Claire Onuf, cello teacher

 

About Us

We bring a wealth of experience as performers and violin teachers to our work at Santa Fe Talent Education. We have taught at all levels, from Suzuki beginner through pre-professional.

Teaching is our full-time occupation!

 

Violinist Margaret Carpenter is thrilled to be in Santa Fe, leading Santa Fe Talent Education with  Rick Lohmann. She had been co-founder and director of Omaha Talent Education since 1999. Ms. Carpenter was a member of the Omaha Symphony Orchestra for eleven years. In addition to her work with SFTE, she is co-director of the Santa Fe Suzuki Institute.
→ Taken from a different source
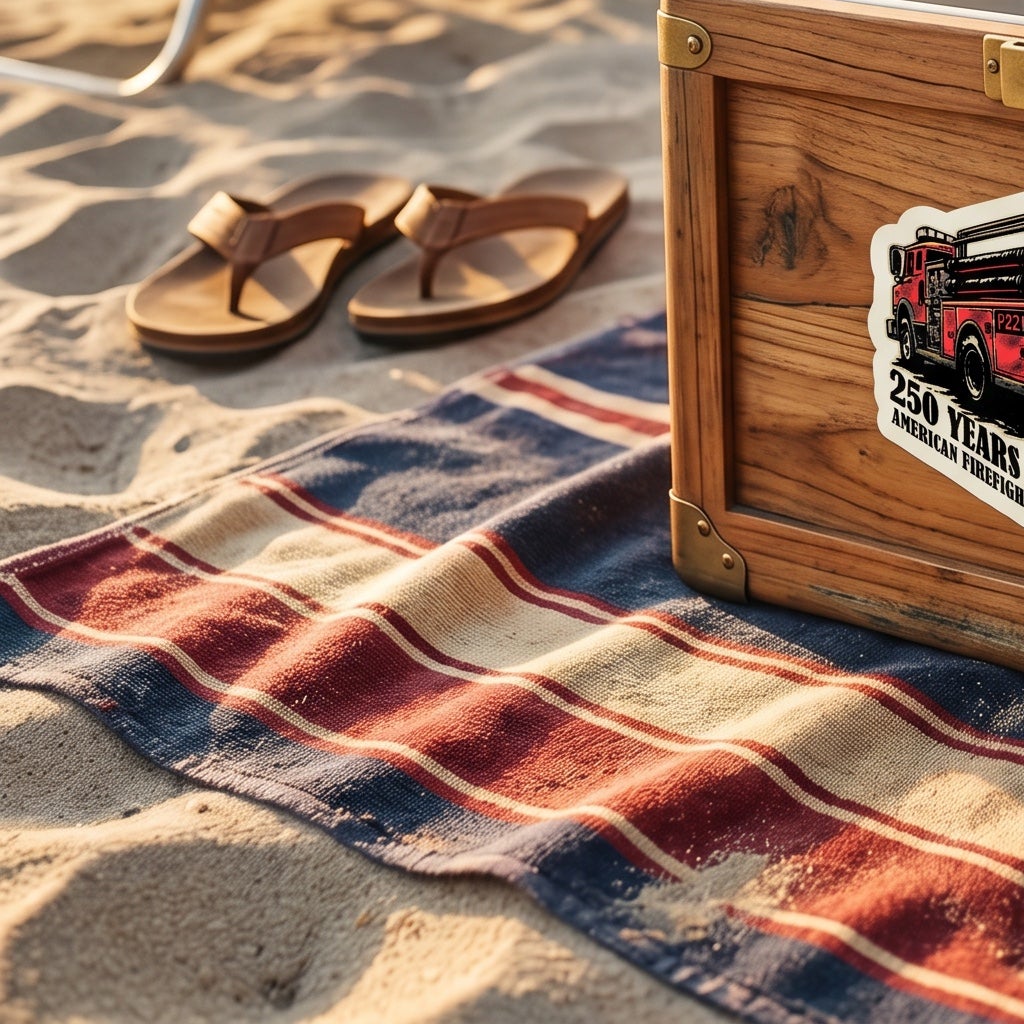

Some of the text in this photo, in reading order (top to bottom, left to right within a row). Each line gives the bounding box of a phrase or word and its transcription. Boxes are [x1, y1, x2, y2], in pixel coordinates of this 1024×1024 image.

A graduate of Oberlin Conservatory, she studied violin with Marilyn McDonald and Stephen Clapp. Ms. Carpenter was a finalist in the Oberlin Concerto Competition and studied for three summers at the Aspen Music Festival.

In 1997 Ms. Carpenter took a leave from her positions in Omaha to work on a Master of Music at DePaul University in Chicago with the first violinist of the Chicago String Quartet, Joseph Genualdi. While in Chicago, Ms. Carpenter was a Civic Orchestra of Chicago Fellow, performed in a master class with Pinchas Zukerman and live on WFMT. At DePaul she studied chamber music with violist Rami Solomonow.

For six summers Ms. Carpenter was on the faculty at the Eastern Music Festival in Greensboro, North Carolina, where she performed in the Eastern Philharmonic Orchestra and Eastern Chamber Players, coached chamber music and was chair of the theory department. In Omaha, she was a member of the Adjunct Faculty at Creighton University for four years.

Ms. Carpenter has performed with the Manly Street Chamber Players in North Carolina, Des Moines Metro Opera Orchestra, Cabrillo Festival Orchestra in California and with the St. Paul Chamber Orchestra on tour. She was soloist with the Santa Fe Community Orchestra in Prokofiev's Concerto #2 in G Minor in December 2006.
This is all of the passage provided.